Author: Wendell L. Willkie
Publisher: Ayer Publishing
Published: 1944
Total Pages: 95
ISBN-13:
DOWNLOAD EBOOKAuthor: Marilynne Robinson
Publisher: Farrar, Straus and Giroux
Published: 2018-02-20
Total Pages: 336
ISBN-13: 0374717788
DOWNLOAD EBOOKNew essays on theological, political, and contemporary themes, by the Pulitzer Prize winner Marilynne Robinson has plumbed the human spirit in her renowned novels, including Lila, winner of the National Book Critics Circle Award, and Gilead, winner of the Pulitzer Prize and the National Book Critics Circle Award. In this new essay collection she trains her incisive mind on our modern political climate and the mysteries of faith. Whether she is investigating how the work of great thinkers about America like Emerson and Tocqueville inform our political consciousness or discussing the way that beauty informs and disciplines daily life, Robinson’s peerless prose and boundless humanity are on full display. What Are We Doing Here? is a call for Americans to continue the tradition of those great thinkers and to remake American political and cultural life as “deeply impressed by obligation [and as] a great theater of heroic generosity, which, despite all, is sometimes palpable still.”
Author: Jeb Wyman
Publisher:
Published: 2017
Total Pages: 311
ISBN-13: 9780984406388
DOWNLOAD EBOOKThey grew up on wheat farms in Eastern Washington, on a reservation in Oklahoma, in military housing on an Air Force base in Arizona. They signed up to be Marines, soldiers, airmen, and sailors, and they became medics, truck drivers, mechanics, and infantrymen. They enlisted to honor family tradition, to find purpose in their lives, to lift themselves out of poverty, to be patriots.
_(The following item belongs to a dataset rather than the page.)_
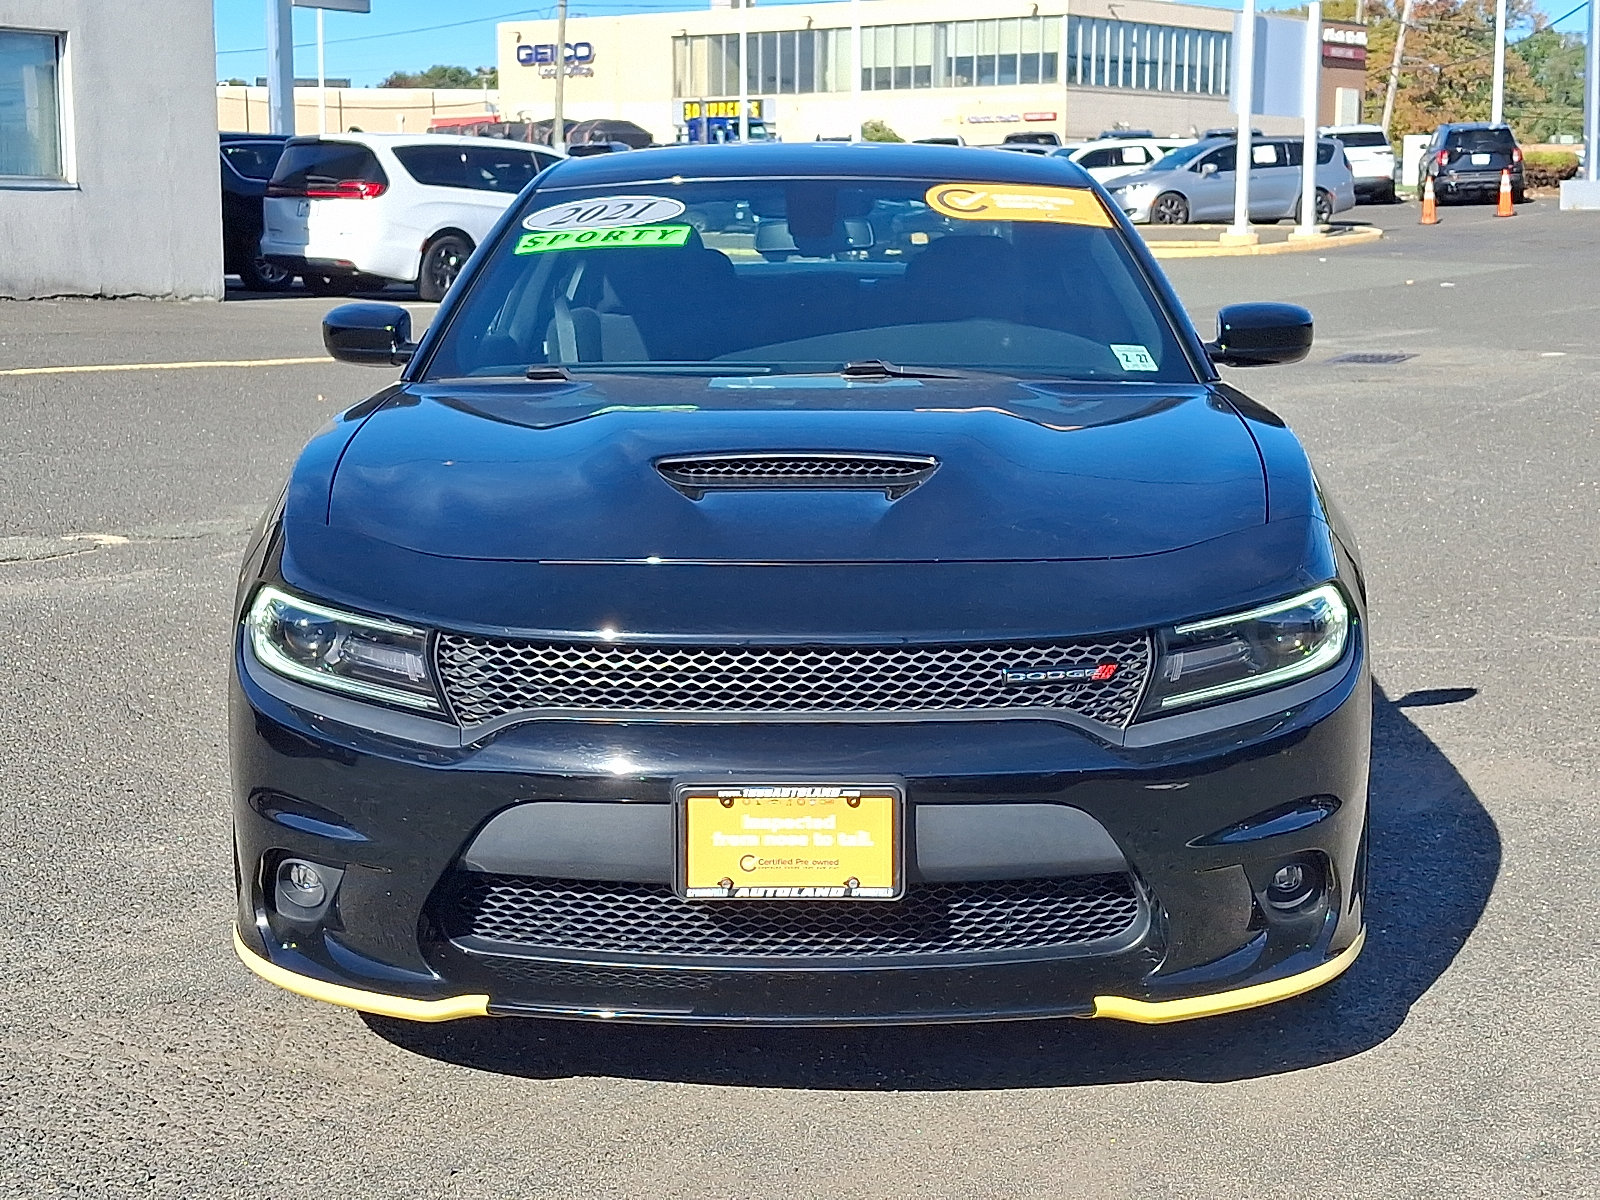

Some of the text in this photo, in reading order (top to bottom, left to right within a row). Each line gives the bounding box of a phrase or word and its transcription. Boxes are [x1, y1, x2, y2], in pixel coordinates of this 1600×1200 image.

And they went to war. In What They Signed Up For, eighteen American veterans tell their stories of going to war and life after they came home. In the cities of Iraq and the mountains of Afghanistan, they witnessed the carnage of IEDs and survived daily mortar attacks. They put friends in body bags and saw others grievously wounded. But for many veterans, the war didn't end when they took off their uniform. The invisible wounds of war run deeper, and are more painful, than America wants to know. The cost of war continues back home.
Author: P. Jay
Publisher: Springer
Published: 2014-07-17
Total Pages: 215
ISBN-13: 1137398035
DOWNLOAD EBOOKDemonstrating that the supposed drawbacks of the humanities are in fact their source of practical value, Jay explores current debates about the role of the humanities in higher education, puts them in historical context, and offers humanists and their supporters concrete ways to explain the practical value of a contemporary humanities education.